In the words of the Catholic Archbishop of Melbourne, this book "presents Christ, the Trinity and Redemption in terms which can not be reconciled with the doctrine of the [Catholic] Church."
I received the book as a gift and, from the beginning of reading it, was suspicious of its content; the author and the publisher take great pains to hide the direction of the author's argument. Essentially, this now ex-priest attempts to disprove Original Sin, the divinity of Jesus and his redemptive mission, and the doctrine of the Trinity. These ideas must, according to Mr. Morwood's logic, be disregarded because these ideas can not coexist with the modern mind, and in particular with modern cosmology and contemporary Biblical scholarship.

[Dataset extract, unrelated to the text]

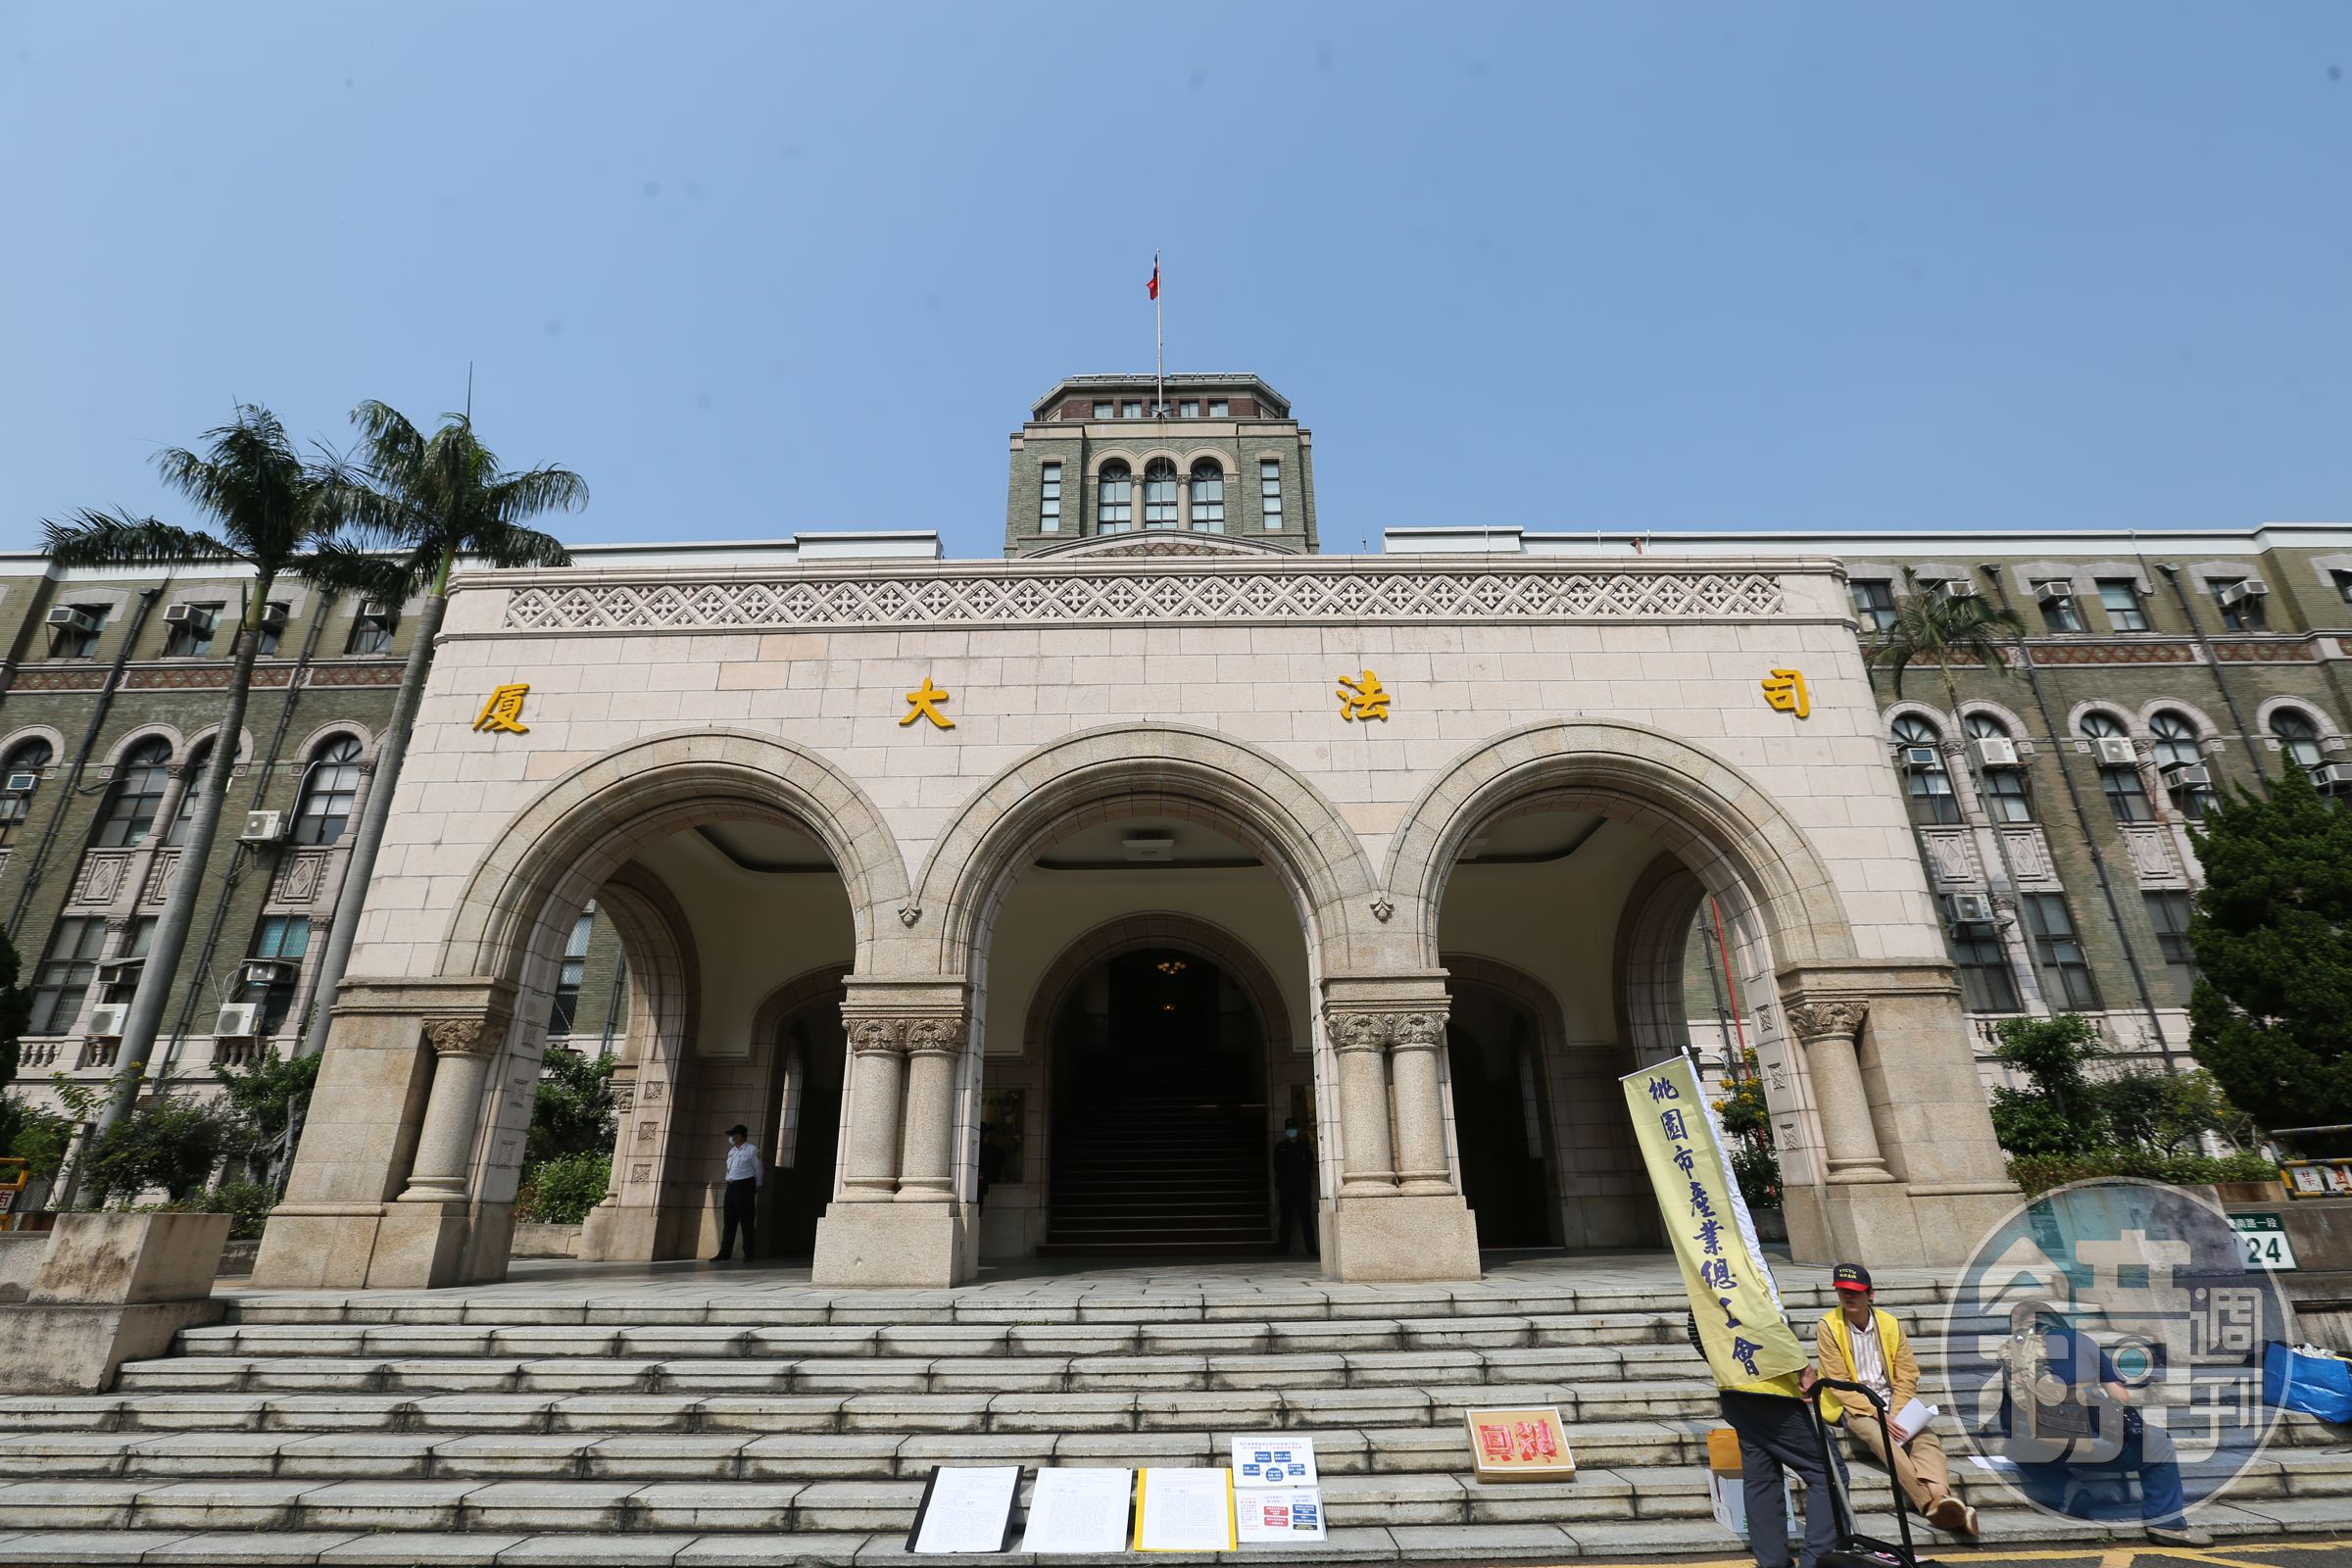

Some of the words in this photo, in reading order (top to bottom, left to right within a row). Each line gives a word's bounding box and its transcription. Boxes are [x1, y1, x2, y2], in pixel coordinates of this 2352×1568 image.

It is clear from reading this book that the author does not have a clear grasp of his subject matter. He presents the teachings of the Church in an overly simplistic and oftentimes incorrect manner; then he provides pages of self-contradictory arguments for his enlightened, "modern" viewpoint. As I understand it, he believes in some vague, pantheistic spirituality in which God is good and is in everything, and Jesus lived a very Godly life that we should emulate. There is no Original Sin (as disproved somehow--he doesn't say how--by evolution and cosmology) and thus no need for redemption, and thus no need for a redeemer. However, and here I agree with one of the other reviewers, Mr. Morwood presents no cohesive arguments; he presents a jumble of half-baked ideas that he doesn't seem to have fleshed out. If you want to dispute Catholic teaching, there are better books with more integrity and internal consistency. Tomorrow's Catholic seems most like an attempt to justify some type of vague spirituality without any firm doctrine, which is of course not Catholic, and not coincidentally this vague spirituality lets the individual ultimately do whatever he wants as long as he feels it is good, e.g., contraception, sex outside the marriage of a man and a woman, abortion, etc. He doesn't explicitly state that these types of behaviors are permitted in his theology, but it certainly is the implication.
Clearly, the title of the book is a misnomer. Someone who attains to the beliefs in this book may be tomorrow's something, and it's not clear from the book exactly what that something is, but one thing he would definitely not be is tomorrow's Catholic. Anything but.
The idea that the church is moving into a different epoch is a true one. My feeling is that the Church will come to grips with certain scientific ideas to broaden its mission. This book was good at describing some of those ideas BUT was not in any way original. I wouldn't call it trash, but I would say that I am glad I read Hans Kung and other theologians for their original content.